§ YOUR OBJECTIVE
Repeat all of the records word for word, but skip any picture.

§ DATA RECORDS

* * * * * * *

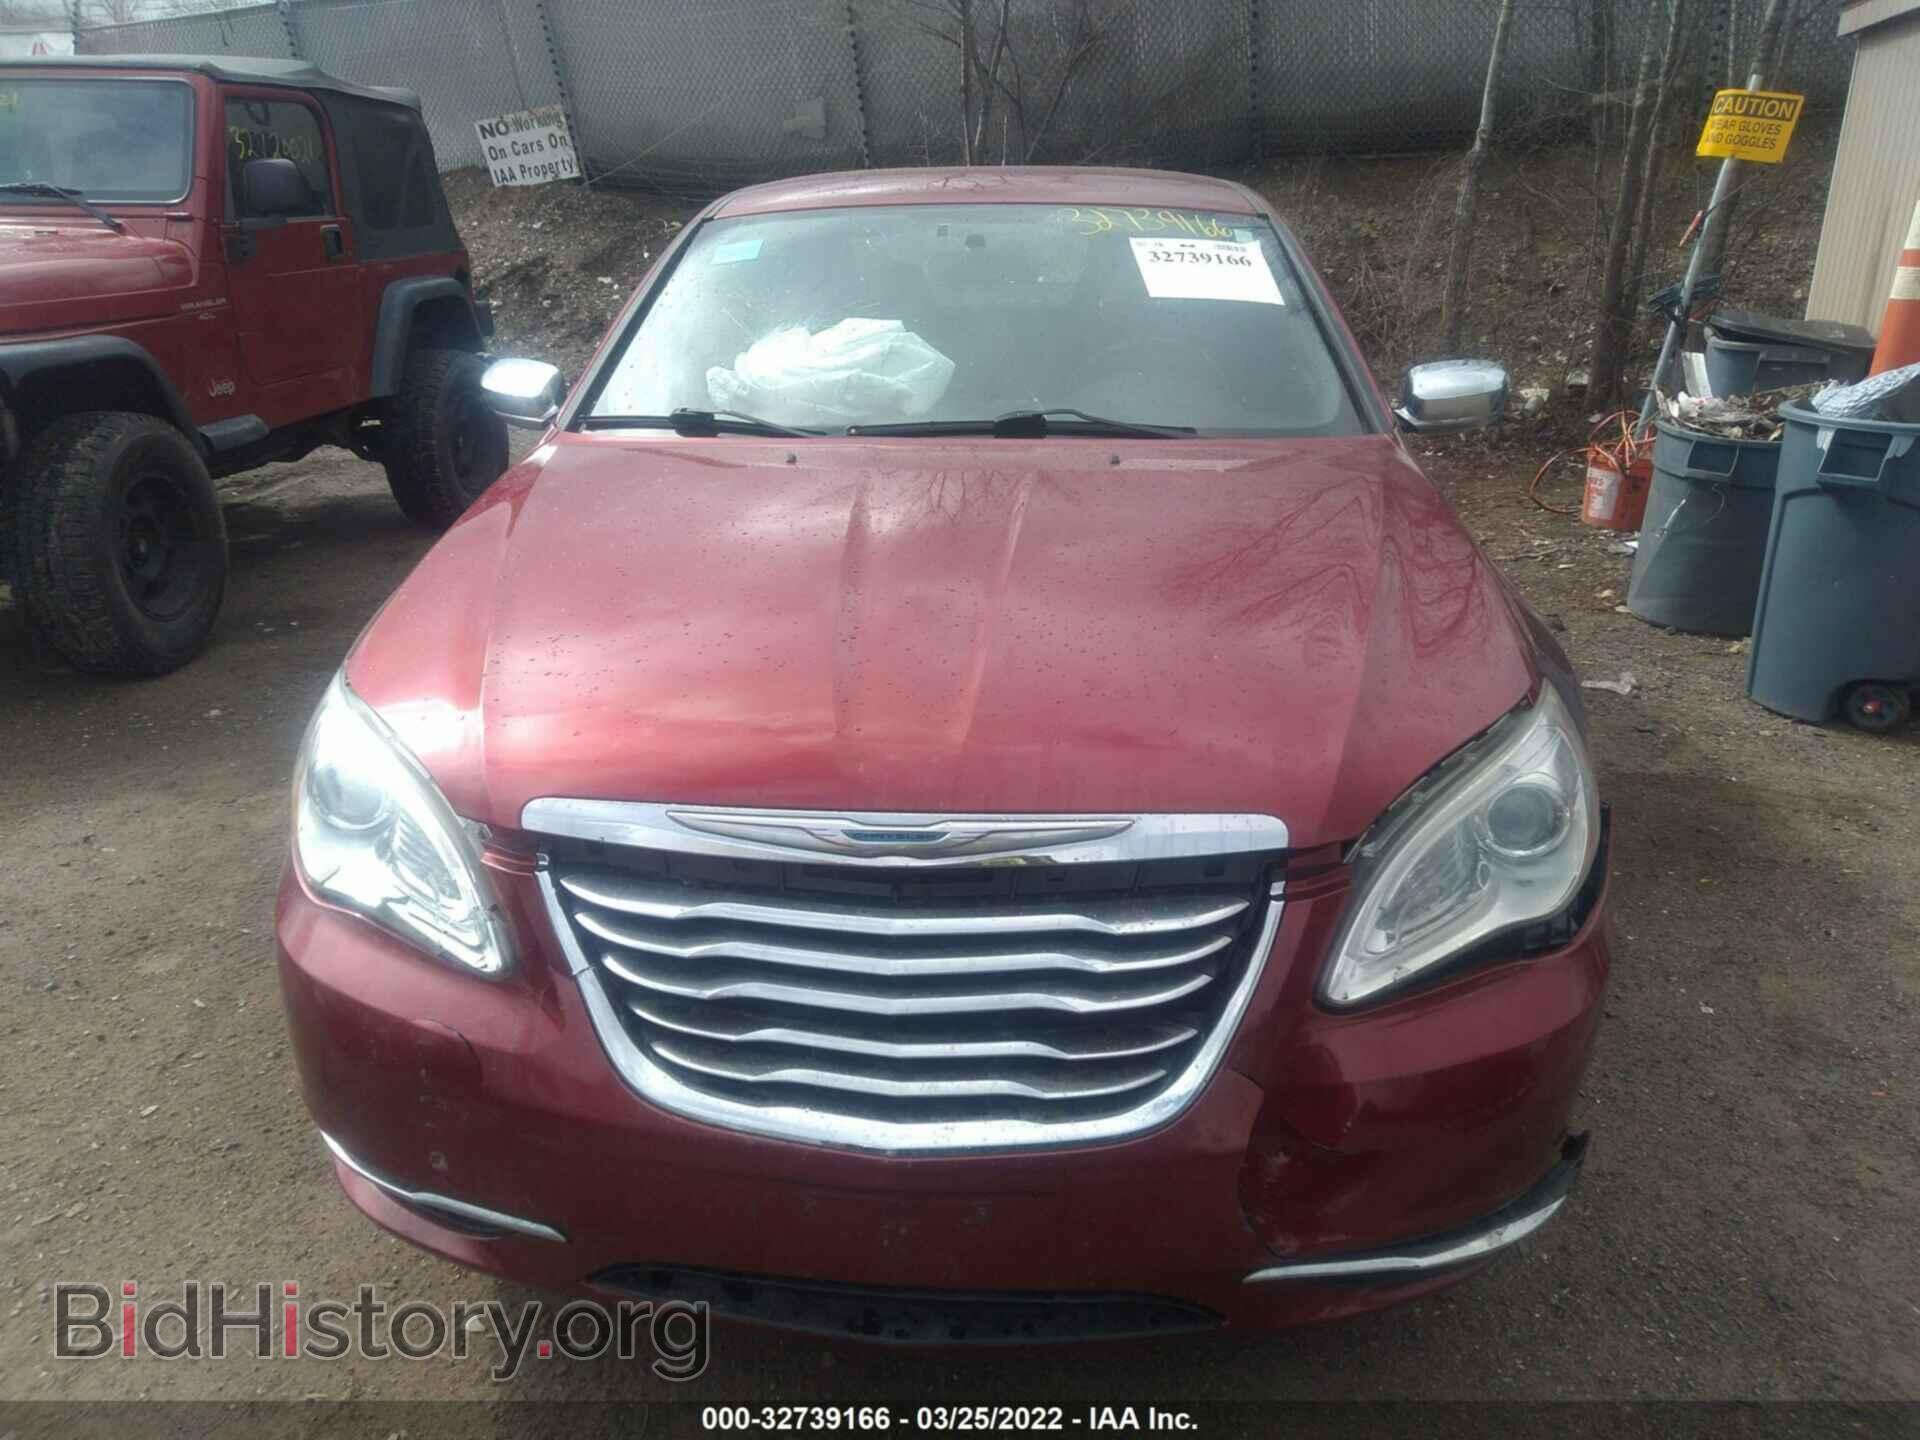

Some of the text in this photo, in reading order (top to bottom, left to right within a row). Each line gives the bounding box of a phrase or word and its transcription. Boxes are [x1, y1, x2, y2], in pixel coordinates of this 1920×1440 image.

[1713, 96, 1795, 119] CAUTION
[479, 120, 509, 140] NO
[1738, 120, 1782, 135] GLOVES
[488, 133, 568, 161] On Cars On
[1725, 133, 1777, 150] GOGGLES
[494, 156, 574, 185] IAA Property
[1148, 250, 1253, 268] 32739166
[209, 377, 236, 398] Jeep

* * * * * * *

§ EXERCISE RESULT
Some of the text in this photo, in reading order (top to bottom, left to right within a row). Each line gives the bounding box of a phrase or word and its transcription. Boxes are [x1, y1, x2, y2], in pixel coordinates of this 1920×1440 image.

[1713, 96, 1795, 119] CAUTION
[479, 120, 509, 140] NO
[1738, 120, 1782, 135] GLOVES
[488, 133, 568, 161] On Cars On
[1725, 133, 1777, 150] GOGGLES
[494, 156, 574, 185] IAA Property
[1148, 250, 1253, 268] 32739166
[209, 377, 236, 398] Jeep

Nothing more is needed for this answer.